More News and Views From Resource Works Here

Prime Minister Justin Trudeau and his eco-extremist Minister of the Environment and Climate Change Steven Guilbeault are risking hundreds of billions of dollars of investments in Alberta’s and Canada’s economies and core social programs

The federal government’s proposed cap on emissions from oil and gas has now been outlined in a draft.

While Ottawa insists that it is not a cap on the production of oil and gas, experts fail to see how the emissions cap is not also a de facto production cap, given the details of the policy.

The industry fears that, in effect, that is just what it is — with negative impacts on western provinces that produce oil and gas for domestic use and for export.

The federal government proposes to limit emissions for oil and gas at 35% to 38% below the 2019 level. At the same time, Ottawa says the new rules would allow production to increase 12% above 2019 levels.

The producers are trying to figure out the ups and downs of the policy, and there is a lot to unpack. The federal draft “framework”  is open for discussion and consultation until February 2024.
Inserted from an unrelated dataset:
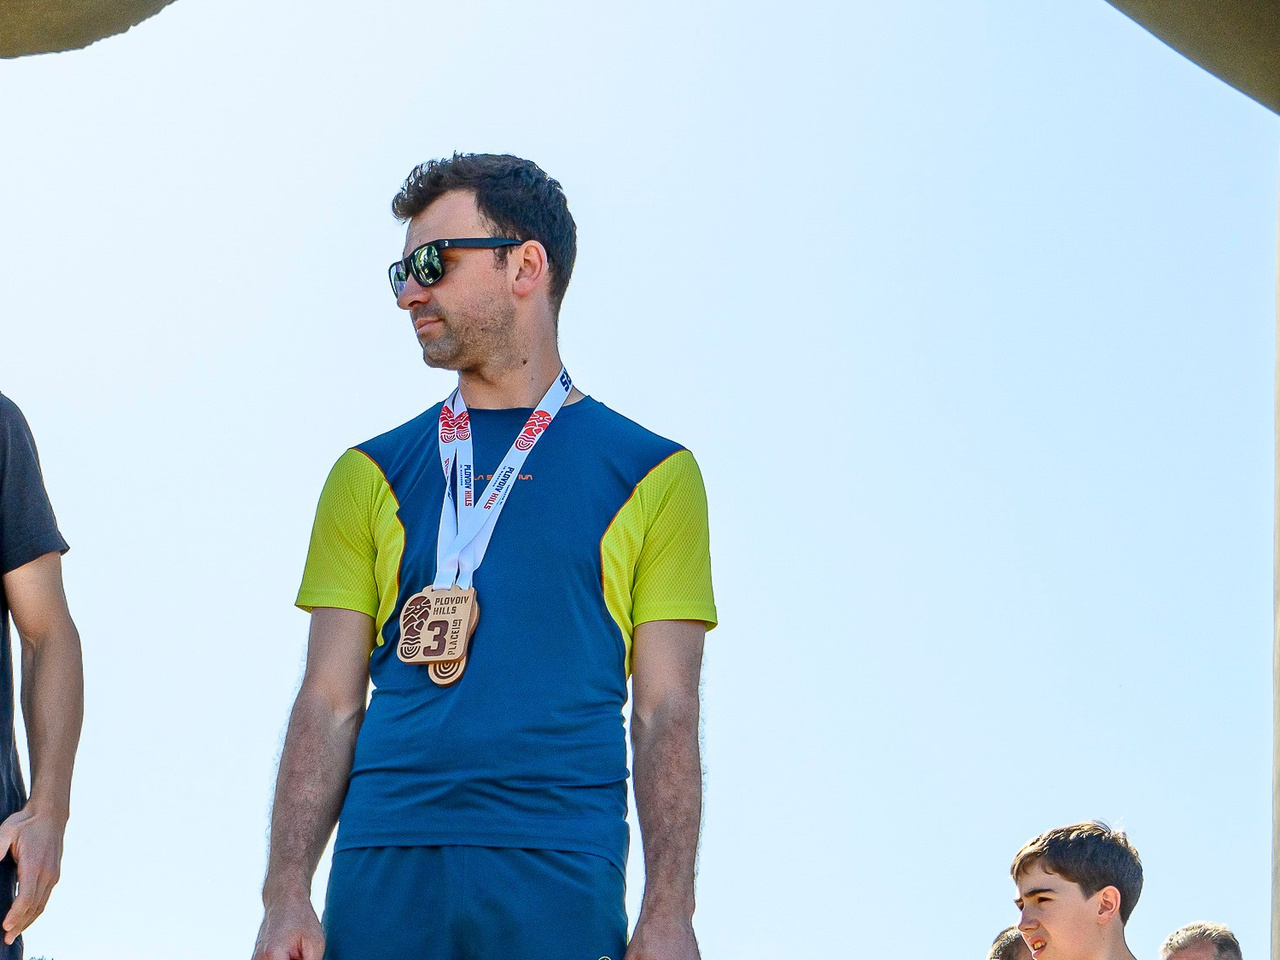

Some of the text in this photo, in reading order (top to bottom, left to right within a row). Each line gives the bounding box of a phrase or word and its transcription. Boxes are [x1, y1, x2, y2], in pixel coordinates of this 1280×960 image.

The initial reaction from the Canadian Association of Petroleum Producers was that the emissions cap could result in “significant” production cuts, and it called the government’s emissions framework unnecessary. Alberta’s oil and gas sector has been invested in decarbonization efforts and measures to reduce methane emissions, already beating a target of a 45% reduction by 2025.

Alberta Premier Danielle Smith furiously flamed that “This announced de facto production cap on Alberta’s oil and gas sector amounts to an intentional attack by the federal government on the economy of Alberta and the financial well-being of millions of Albertans and Canadians. . . .

“With their pronouncement singling out the oil and gas sector alone for punitive federal treatment, Prime Minister Justin Trudeau and his eco-extremist Minister of the Environment and Climate Change Steven Guilbeault are risking hundreds of billions of dollars of investments in Alberta’s and Canada’s economies and core social programs, are devaluing the retirement investments of millions of Canadians, and are threatening the jobs of hundreds of thousands of Albertans.”

The Business Council of Canada hammered the cap as part of a “full-on charge against the oil and gas sector,” with no other industry so targeted by Ottawa. “It all seems punitive and short-sighted.”

The sectoral specificity is alarmingly pointed.

The Indigenous Resource Network also said it was disappointed by the emissions-cap announcement — and will seek an Indigenous exemption from the cap for Indigenous communities engaged in the oil and gas sector.

And Karen Ogen, CEO of the First Nations LNG Alliance, said from the COP28 climate conference in Dubai that the federal announcement is “disheartening” because of what resource projects mean to Indigenous people. “We’re being shoved aside again.”

The emissions cap follows the unravelling of the federal carbon tax. In the fall of 2023, the Federal Government made a number of exemptions and incentives, including removing the carbon tax from home heating in Atlantic Canada only. As Premiers in the rest of Canada voice their frustration, Saskatchewan even declared it will no longer collect the federal carbon tax at all.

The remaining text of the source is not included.